Tavis' Interview with Craig T. Nelson

Thanks to PJ, I was able to read the transcript between PBS' Tavis Smiley's interview with Craig T. Nelson who acted as the father of Tyrone Giordano's character, Thad Stone in The Family Stone.

It is intersting that Craig did not mention Tyrone at all. Initially, PJ and I misread that it could be the "fellow" that is Ty but apparently, Craig was referring to "Jack", whom I believe, is Marlee Matlin's interpreter -- from what I understand, he is CODA (Child of Deaf Adults). He could have taught the fellas how to sign, not Ty himself. I'm not certain about that, though.

Either way, the interview seems to indicate that Craig enjoyed his unique experience of being the parent of "deaf child".
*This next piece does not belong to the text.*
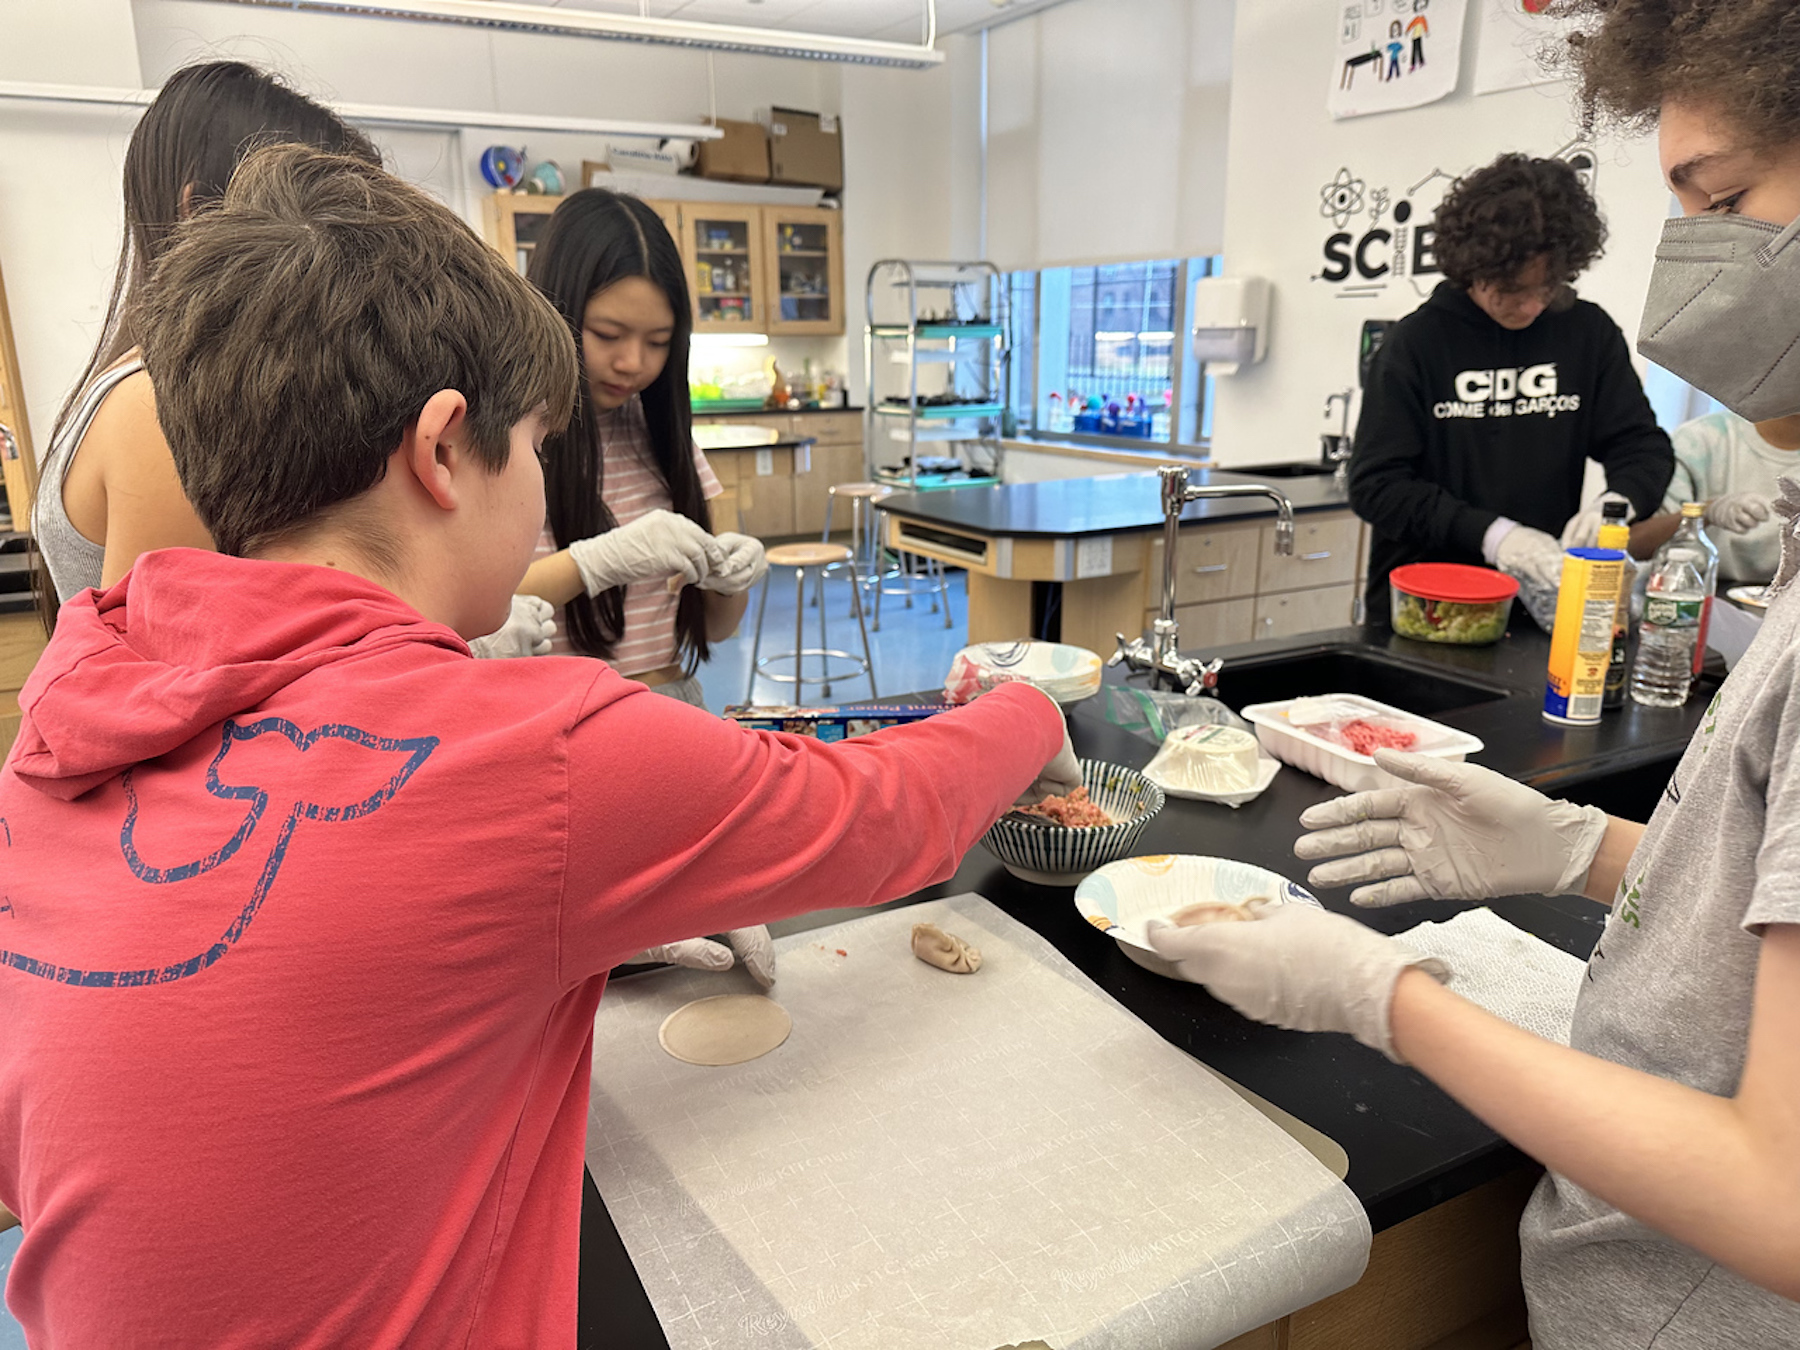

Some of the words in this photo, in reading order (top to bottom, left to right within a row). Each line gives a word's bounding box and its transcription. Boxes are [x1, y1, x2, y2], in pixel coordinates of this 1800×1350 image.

[1455, 362, 1557, 402] CDG
[1051, 1243, 1152, 1293] Reynolds
[1149, 1214, 1236, 1255] KITCHENS
[738, 1284, 854, 1338] Reynolds
[snipping the transcript that was taken from]
Tavis: Let me come back as I promised I would to "The Family Stone.” There's a character in this movie who is deaf. And everybody on the set of course had to learn sign language to – (moves hands) I'm acting stupid, doing stuff that I don't know what I'm doing over here. So everybody had to learn sign language to make this happen.
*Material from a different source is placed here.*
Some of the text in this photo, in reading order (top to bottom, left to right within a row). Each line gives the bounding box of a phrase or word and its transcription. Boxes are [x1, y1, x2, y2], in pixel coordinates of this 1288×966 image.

Nelson: I'm with you on that.

Tavis: You knew where I was going, didn't you? I have heard from some friends of mine that you had a little trouble, challenge with the sign language stuff.

Nelson: Well, I thought I was coordinated 'til it came to...

Tavis: This does not count.

Nelson: (laughs) Yeah. Well, I was in the trailer and I was rehearsing on my own, which is a big mistake. And I got a little too...

Tavis: Wait, hold up, hold the phone. I want to just know how you do this. How do you rehearse sign language by yourself?

Nelson: What you do is, you stand in - you read it first, and then you've got with a sign language expert, Jack, who's assuming that you're a semipro, and that you know basically what you're going to do, and you're not gonna hurt yourself. So they let you go. And I'm old enough to be let alone in my trailer now.

So I go in and I'm looking in the mirror and I’m trying to figure out how I can talk and do this at the same time. And I put my finger in my eye, and I realized that I'm probably going to need help, you know, like a medic. And, so I'm really embarrassed about it. And actually the first person I see is Luke Wilson, who you don't want to tell anything to, because it gets spread. In five seconds, everybody, “you okay? Are you going to sue?” Yeah. What am I going to sue for?

Your confidence is basically - but the interesting thing is that for me, in watching the actors and watching the experts do sign it, there's short hand involved, it's a whole language in and of itself. And you just don't go to a different country and the sign language is going to be the same. It changes, and much like our slang does. So, but they have cutoffs.

So, you're doing it thinking that, hey, how does this look, and they're looking at you like, when are you going to get finished with this? You know, cut to the chase, whatever that sign is. So, I just barely, I just basically went and did my own. I figured, what the heck. The family's been together long enough. They know what I'm doing.

Tavis: I suspect that there are probably families where that happens, though. I'm sure somebody will get a kick out of it.

Nelson: I'm sure they do.

Tavis: I'm sure they will, yeah.

Nelson: The fellow that was teaching us sign language is very good. He's born of deaf parents, and yet he speaks. I mean, he's got a voice. And so, he's very interesting. It's a whole - that's a whole other world that you don't get not only involved with, but you don't see, you don't become part of, because we make it separate. It's like, deaf? Whoa.

Tavis: See, you've addressed now the funny side of trying to learn how to do this stuff. Did anything occur to you? I assume it did. Anything occur to you on the serious side of this equation about what it means to live a life where you're...

Nelson: Yeah. Being able to express yourself visually and tactfully. And without this modification of sound. And it's fascinating, because the resonance that we hear oftentimes influences - when you listen to a great actor, Olivier or Richard Burton comes to mind, because he had that mellifluous voice and that tonality. And it's not used so much anymore.

It's substance and quiet, you know. But, with those guys it was that sound. And it became like music. So, their hands in expressing themselves are so wonderful to watch, because you get a whole sense of personality. And it's a whole different - it's reality of understanding and trying to get into another person, which I just found interesting.
[snip the transcript]

Great job, Tavis.

Confidential to RT101: Please. Get. A. Clue. I represent me. I do not represent the Deaf Community. I try to entertain others. Yes, I'm being compared to Rush Limbaugh and Howard Stern and I find that amusing and felt honored by that. Howard Stern RULES! Case closed. Go and whine about something else. You're good at that.